Ma che dove e come è nato l'esercito dei falsi invalidi che rappresenta oggi una pesantissima zavorra nel bilancio statale? Il dove si può ben individuare in quell'iter estenuante (tredici passaggi per 345 giorni di media, che arrivavano a quasi due anni in Sicilia) che si doveva percorrere, fino a due anni fa, per ottenere una pensione di invalidità. Una paradossale trafila: domanda all'Asl, visita medica, trasmissione del verbale all'Inps, verifica della commissione periferica del ministero del Tesoro, esame del verbale da parte dell'Inps. A questo punto, a seconda del giudizio dell'istituto di previdenza, ulteriori accertamenti oppure trasmissione del verbale all'Asl e quindi l'ok dell'ente concessore. Che in molti casi erano Comune o Provincia. Enti dove le connivenze, il voto di scambio, le clientele hanno dettato legge da sempre, specialmente al Sud.

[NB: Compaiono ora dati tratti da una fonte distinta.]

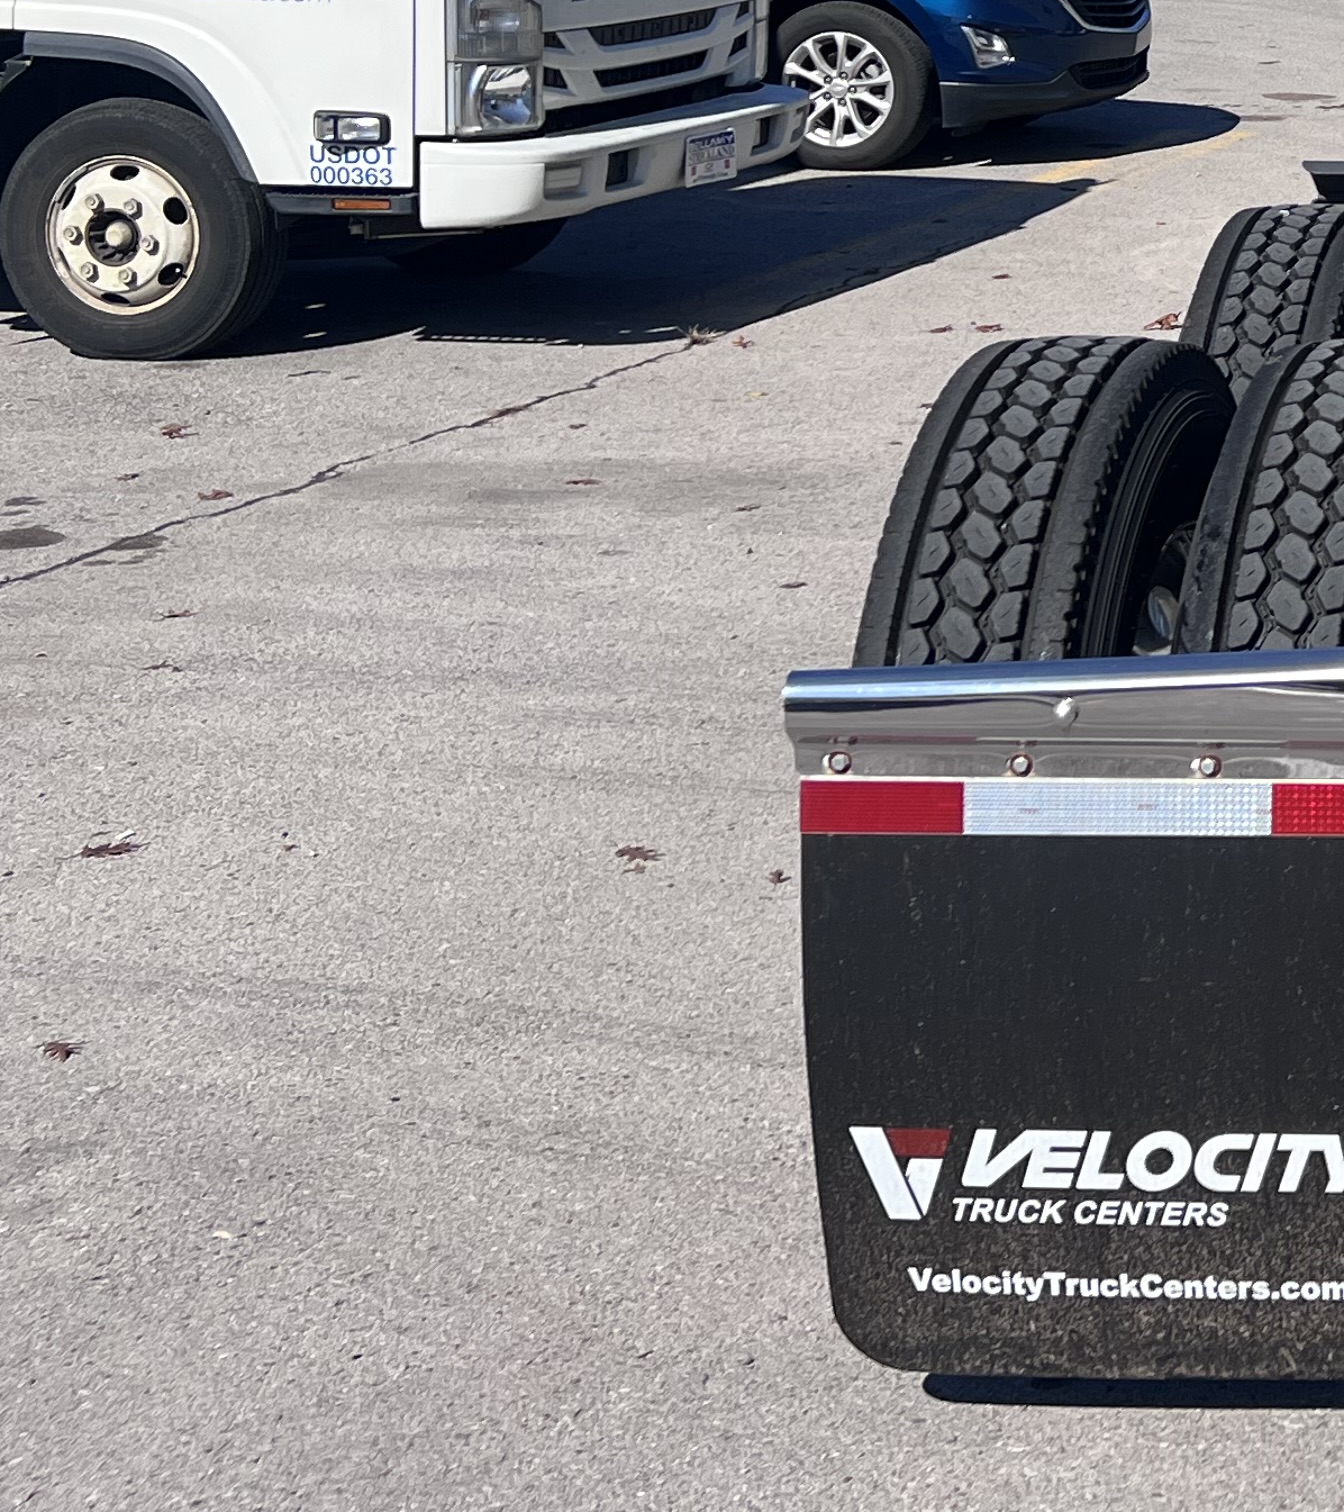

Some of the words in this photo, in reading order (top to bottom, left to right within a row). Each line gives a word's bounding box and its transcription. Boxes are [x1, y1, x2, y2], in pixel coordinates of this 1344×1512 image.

[310, 166, 393, 186] 000363
[952, 1198, 1066, 1225] TRUCK
[1073, 1200, 1229, 1228] CENTERS

In ogni caso tante, troppe stazioni di sosta che, se da un lato punivano i veri invalidi (stando alle statistiche, su dieci malati di tumore, sette morivano prima di ricevere l'assegno) dall'altro hanno permesso agli imbroglioni e ai disonesti di organizzarsi al maglio. Di fatto la mancanza di controlli incrociati fra i vari organismi e l'assenza di un numero di protocollo unico per ogni singola pratica è stata la solida base che ha favorito l'illegalità. Curioso notare anche che le commissioni di verifica delle invalidità sono sempre state pagate a cottimo: 7 euro a pratica per ognuno dei quattro medici, tre dei quali nominati dal direttore generale dell'Asl, a sua volta scelto dai politici. Se si calcola che in certi casi, soprattutto nelle regioni del Sud, le commissioni arrivavano a esaminare anche quaranta pratiche a seduta, basta fare una semplice moltiplicazione per considerare a ragione la «questione invalidi», fino a prima della riforma, un'attività redditizia, che a un medico poteva assicurare 280 euro in mezza giornata. Che sulla giostra della disonestà girassero, almeno fino all'altro ieri, soldi e voti di scambio l'ha confermato il pentito Alessandro Galante al giudice palermitano Sergio Demontis. Una pratica di falsa invalidità può costare anche seimila euro. Secondo la dettagliata ricostruzione che Galante ha reso negli interrogatori il meccanismo funziona così: a metterlo in moto è il collettore delle domande, di solito un politico o un medico ben «ammanigliato». Chi procura i sussidi irregolari si divide i soldi degli arretrati, cioè il credito accumulato dall'assistito dal momento della domanda a quello del riconoscimento dell'invalidità, mentre il falso invalido incasserà, ovviamente, il suo bell'assegno futuro quando comincerà ad arrivare.
Drammaticamente chiaro. Come le cifre, altre cifre illuminanti, che sintetizzano la battaglia dei controlli effettuati dall'Inps nel 2009: 16.404 giudizi medico legali conclusi con la non conferma dei requisiti sanitari e 4.